### EXERCISE DETAILS
While copying the entries exactly, leave out each picture they contain.

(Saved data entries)
◆ ◆ ◆

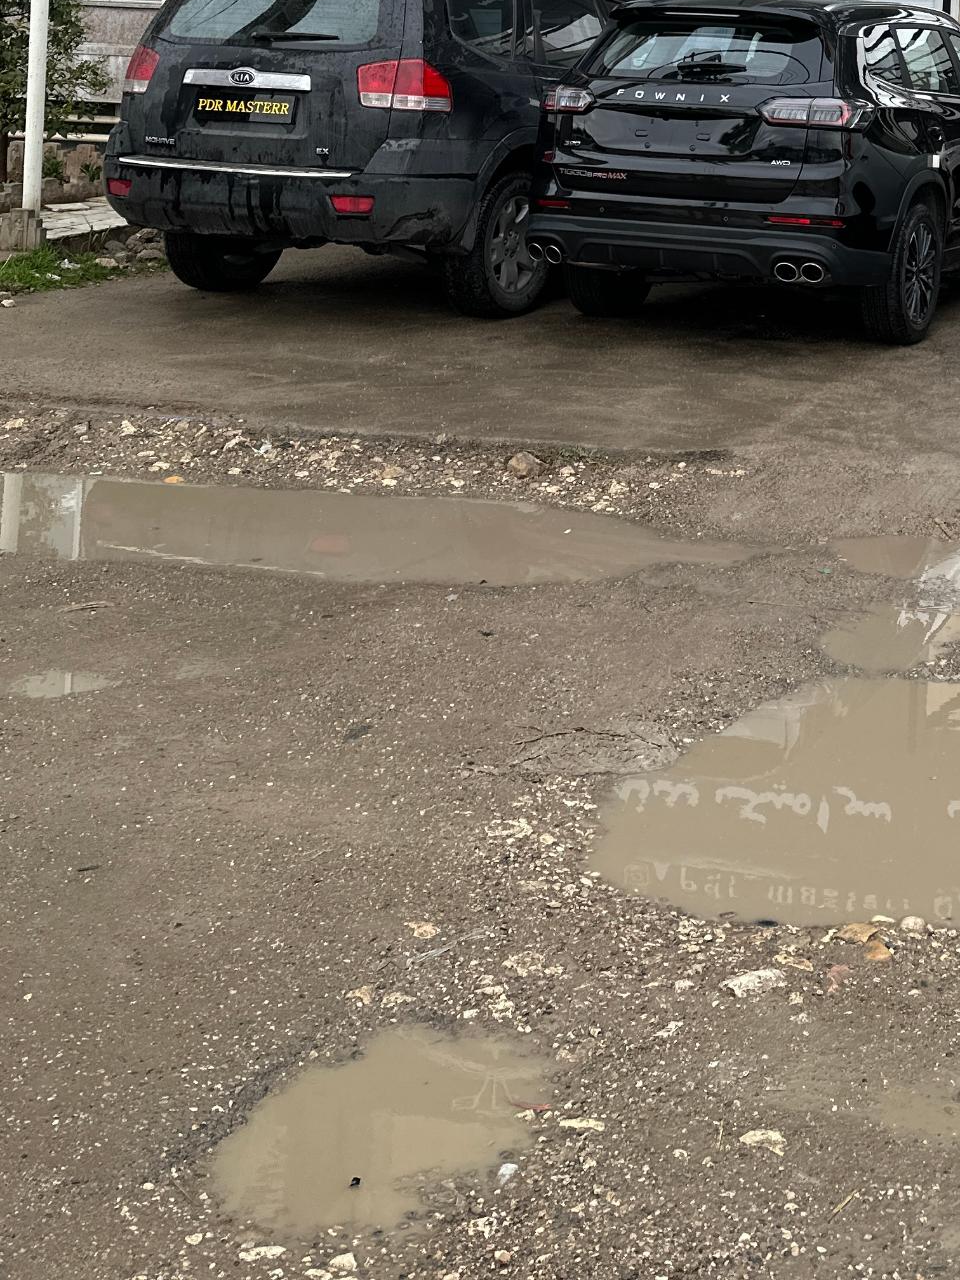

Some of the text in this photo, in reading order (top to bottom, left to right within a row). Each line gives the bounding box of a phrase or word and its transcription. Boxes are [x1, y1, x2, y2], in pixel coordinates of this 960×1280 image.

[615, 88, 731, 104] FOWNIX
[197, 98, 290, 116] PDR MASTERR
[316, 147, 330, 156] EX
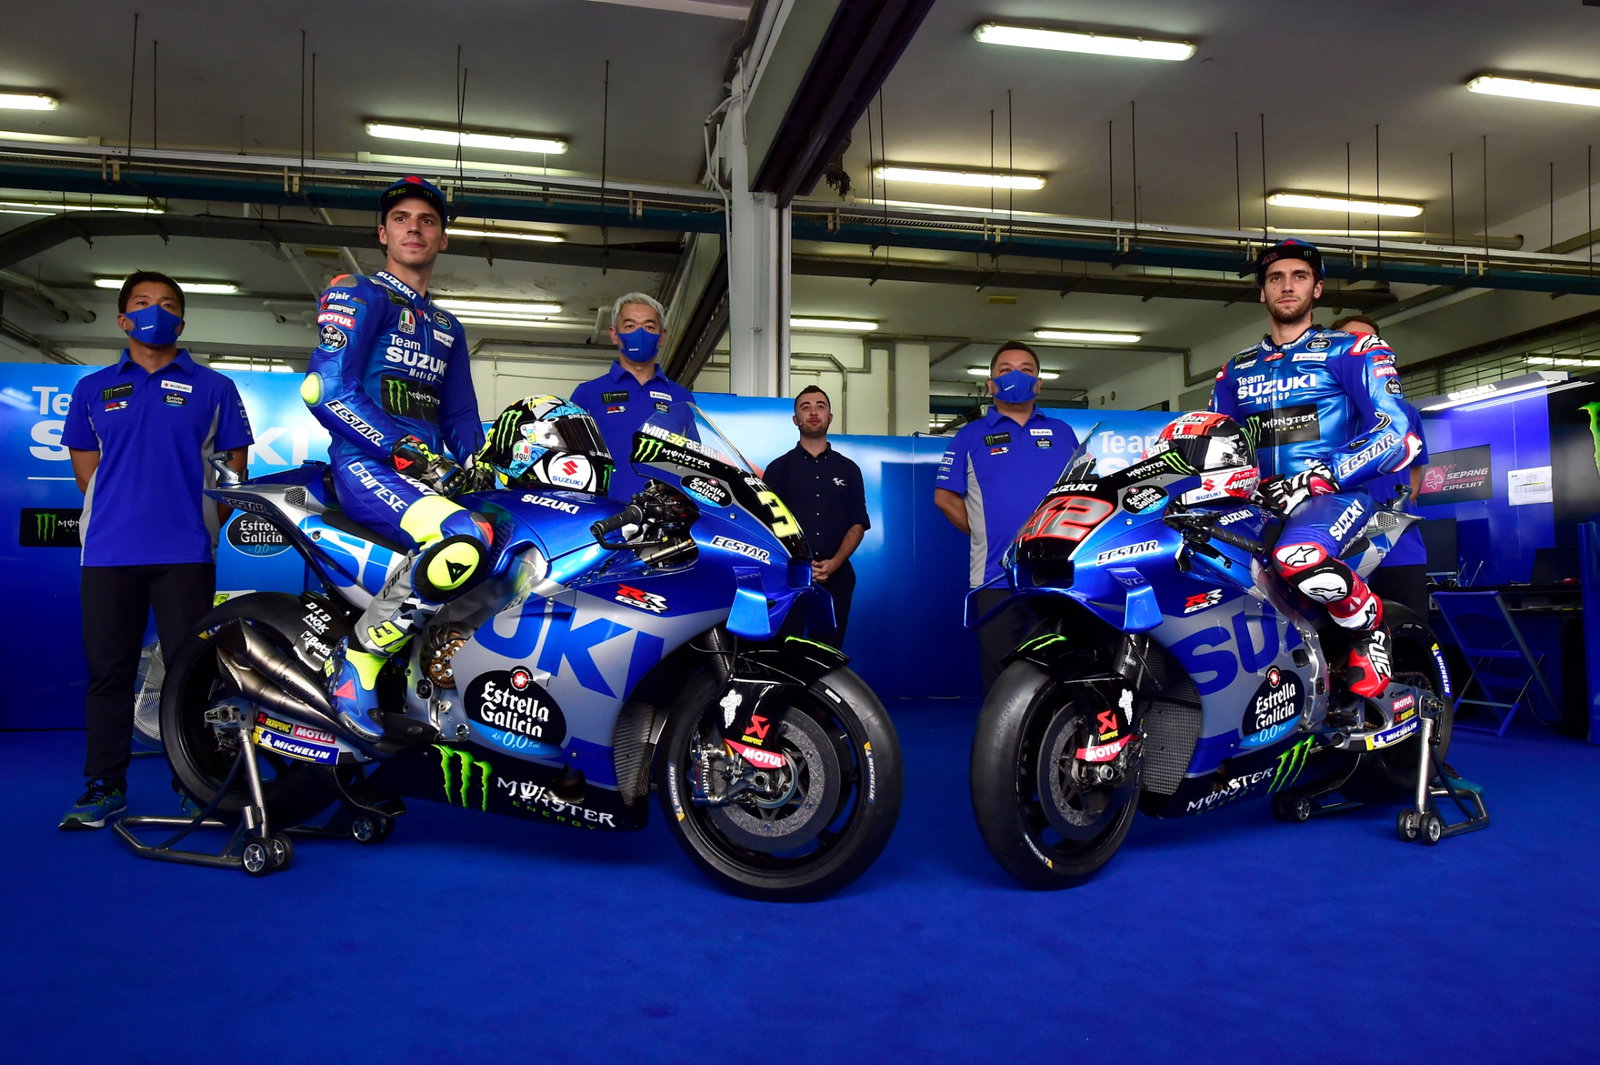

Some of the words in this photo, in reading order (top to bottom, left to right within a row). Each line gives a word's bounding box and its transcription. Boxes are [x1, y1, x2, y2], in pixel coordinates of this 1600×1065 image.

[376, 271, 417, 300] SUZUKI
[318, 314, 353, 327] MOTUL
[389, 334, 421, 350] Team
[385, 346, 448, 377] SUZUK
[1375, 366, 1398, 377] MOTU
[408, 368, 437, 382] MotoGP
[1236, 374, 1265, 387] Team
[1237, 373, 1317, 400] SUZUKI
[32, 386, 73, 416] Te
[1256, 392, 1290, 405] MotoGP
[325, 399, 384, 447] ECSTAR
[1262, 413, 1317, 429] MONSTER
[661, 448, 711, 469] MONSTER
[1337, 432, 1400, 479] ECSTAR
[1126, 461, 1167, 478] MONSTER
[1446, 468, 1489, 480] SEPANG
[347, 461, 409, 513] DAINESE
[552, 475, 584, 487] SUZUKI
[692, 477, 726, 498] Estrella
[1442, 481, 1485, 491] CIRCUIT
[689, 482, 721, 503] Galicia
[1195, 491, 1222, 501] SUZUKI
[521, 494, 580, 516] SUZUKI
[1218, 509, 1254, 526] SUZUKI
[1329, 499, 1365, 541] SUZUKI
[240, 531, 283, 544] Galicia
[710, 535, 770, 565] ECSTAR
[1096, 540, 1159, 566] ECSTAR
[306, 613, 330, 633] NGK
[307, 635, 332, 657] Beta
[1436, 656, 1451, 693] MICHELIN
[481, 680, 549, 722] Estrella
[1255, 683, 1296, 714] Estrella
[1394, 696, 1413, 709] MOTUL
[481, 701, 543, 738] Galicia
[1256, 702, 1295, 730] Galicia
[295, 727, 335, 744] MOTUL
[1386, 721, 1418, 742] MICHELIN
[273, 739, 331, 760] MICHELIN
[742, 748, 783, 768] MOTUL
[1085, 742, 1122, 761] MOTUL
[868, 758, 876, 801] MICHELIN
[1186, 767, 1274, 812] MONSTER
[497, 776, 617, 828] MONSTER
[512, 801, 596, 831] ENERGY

◆ ◆ ◆

### RESULT FOR THIS EXERCISE
Some of the text in this photo, in reading order (top to bottom, left to right within a row). Each line gives the bounding box of a phrase or word and its transcription. Boxes are [x1, y1, x2, y2], in pixel coordinates of this 960×1280 image.

[615, 88, 731, 104] FOWNIX
[197, 98, 290, 116] PDR MASTERR
[316, 147, 330, 156] EX

Some of the words in this photo, in reading order (top to bottom, left to right within a row). Each line gives a word's bounding box and its transcription. Boxes are [x1, y1, x2, y2], in pixel coordinates of this 1600×1065 image.

[376, 271, 417, 300] SUZUKI
[318, 314, 353, 327] MOTUL
[389, 334, 421, 350] Team
[385, 346, 448, 377] SUZUK
[1375, 366, 1398, 377] MOTU
[408, 368, 437, 382] MotoGP
[1236, 374, 1265, 387] Team
[1237, 373, 1317, 400] SUZUKI
[32, 386, 73, 416] Te
[1256, 392, 1290, 405] MotoGP
[325, 399, 384, 447] ECSTAR
[1262, 413, 1317, 429] MONSTER
[661, 448, 711, 469] MONSTER
[1337, 432, 1400, 479] ECSTAR
[1126, 461, 1167, 478] MONSTER
[1446, 468, 1489, 480] SEPANG
[347, 461, 409, 513] DAINESE
[552, 475, 584, 487] SUZUKI
[692, 477, 726, 498] Estrella
[1442, 481, 1485, 491] CIRCUIT
[689, 482, 721, 503] Galicia
[1195, 491, 1222, 501] SUZUKI
[521, 494, 580, 516] SUZUKI
[1218, 509, 1254, 526] SUZUKI
[1329, 499, 1365, 541] SUZUKI
[240, 531, 283, 544] Galicia
[710, 535, 770, 565] ECSTAR
[1096, 540, 1159, 566] ECSTAR
[306, 613, 330, 633] NGK
[307, 635, 332, 657] Beta
[1436, 656, 1451, 693] MICHELIN
[481, 680, 549, 722] Estrella
[1255, 683, 1296, 714] Estrella
[1394, 696, 1413, 709] MOTUL
[481, 701, 543, 738] Galicia
[1256, 702, 1295, 730] Galicia
[295, 727, 335, 744] MOTUL
[1386, 721, 1418, 742] MICHELIN
[273, 739, 331, 760] MICHELIN
[742, 748, 783, 768] MOTUL
[1085, 742, 1122, 761] MOTUL
[868, 758, 876, 801] MICHELIN
[1186, 767, 1274, 812] MONSTER
[497, 776, 617, 828] MONSTER
[512, 801, 596, 831] ENERGY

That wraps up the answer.